--- RECORDED DATA Enclosed Below ---

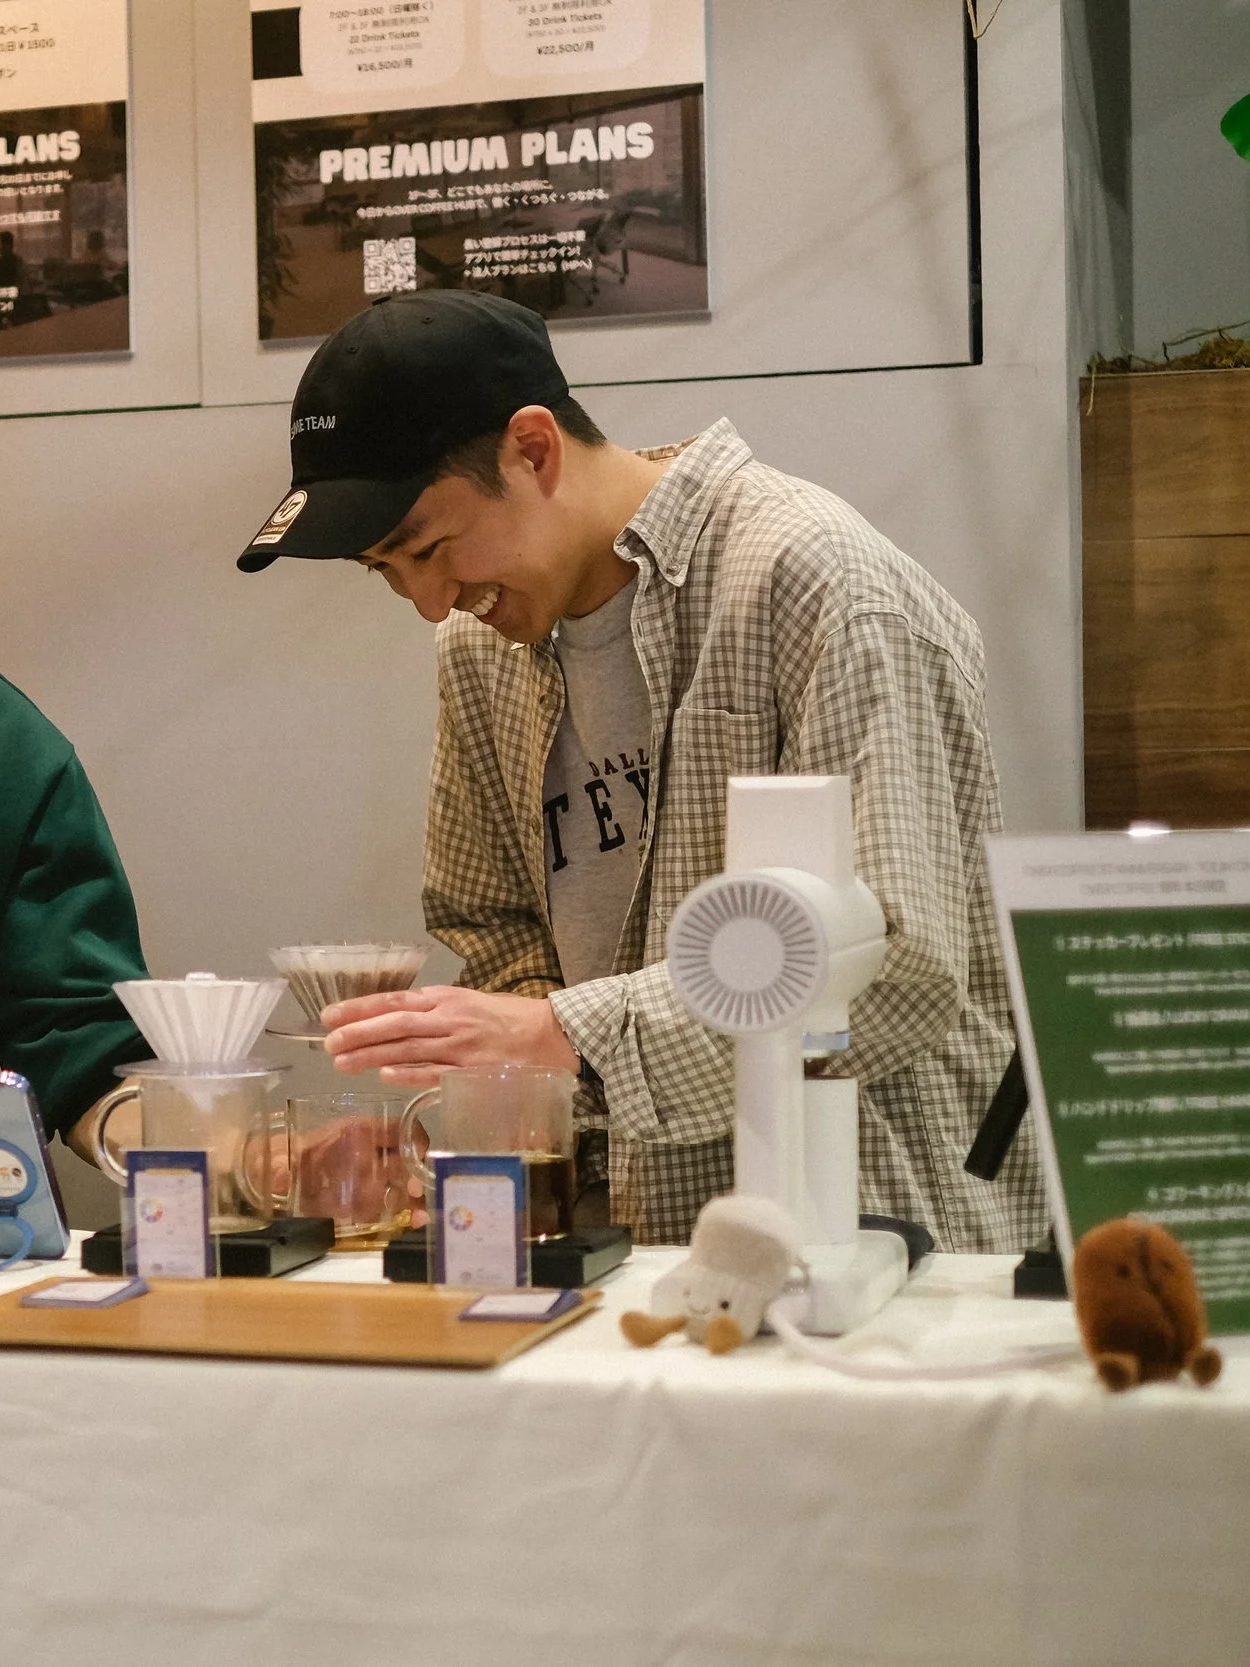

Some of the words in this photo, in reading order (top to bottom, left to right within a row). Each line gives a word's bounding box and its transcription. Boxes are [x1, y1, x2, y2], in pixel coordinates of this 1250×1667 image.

[319, 136, 509, 184] PREMIUM
[521, 122, 654, 167] PLANS
[304, 415, 336, 431] TEAM
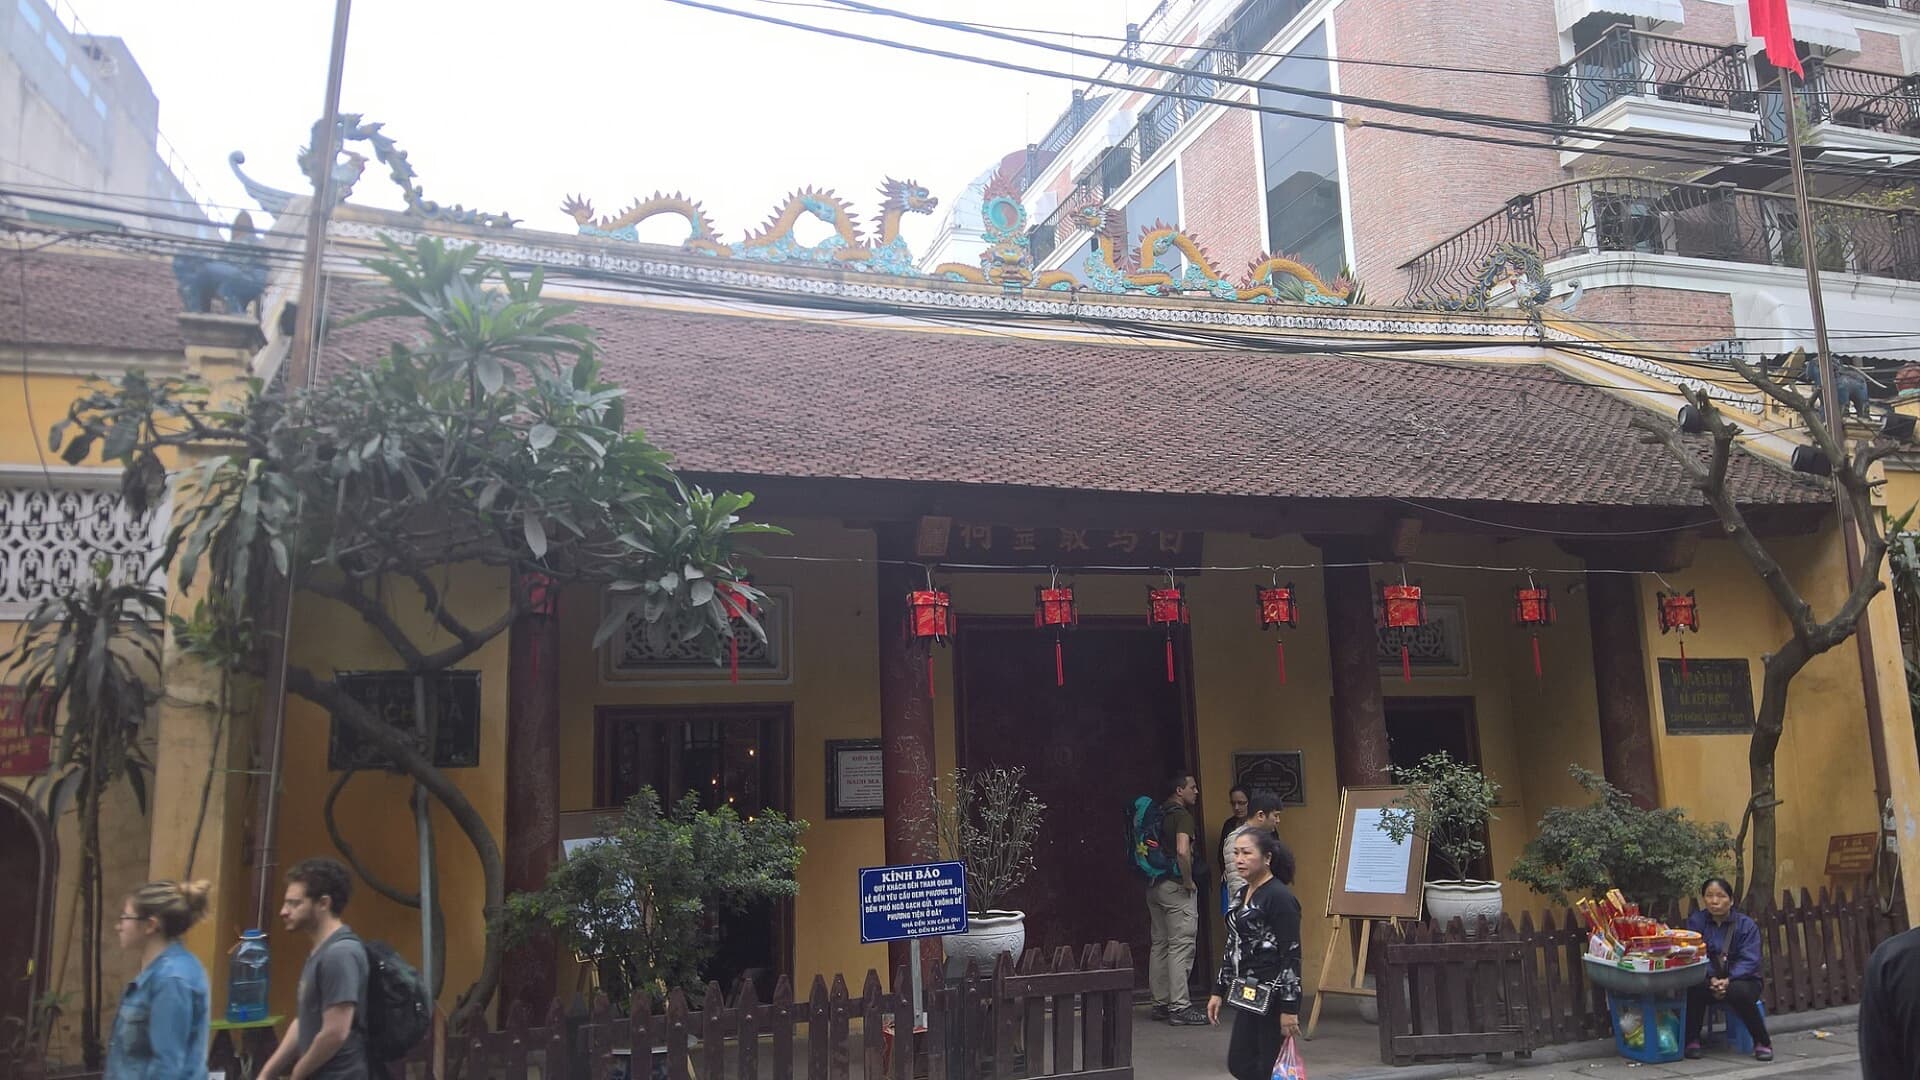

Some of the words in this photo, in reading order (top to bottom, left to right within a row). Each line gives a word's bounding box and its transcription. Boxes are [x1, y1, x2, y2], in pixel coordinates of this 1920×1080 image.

--- End of Enclosed RECORDED DATA ---

BRIEF: Leave the pictures out, and transcribe each of the records exactly.

SOLVED EXERCISE:
Some of the words in this photo, in reading order (top to bottom, left to right within a row). Each line gives a word's bounding box and its transcription. Boxes are [x1, y1, x2, y2], in pixel coordinates of this 1250×1667 image.

[319, 136, 509, 184] PREMIUM
[521, 122, 654, 167] PLANS
[304, 415, 336, 431] TEAM

Some of the words in this photo, in reading order (top to bottom, left to right within a row). Each line gives a word's bounding box and its transcription. Boxes are [x1, y1, x2, y2], in pixel coordinates of this 1920×1080 image.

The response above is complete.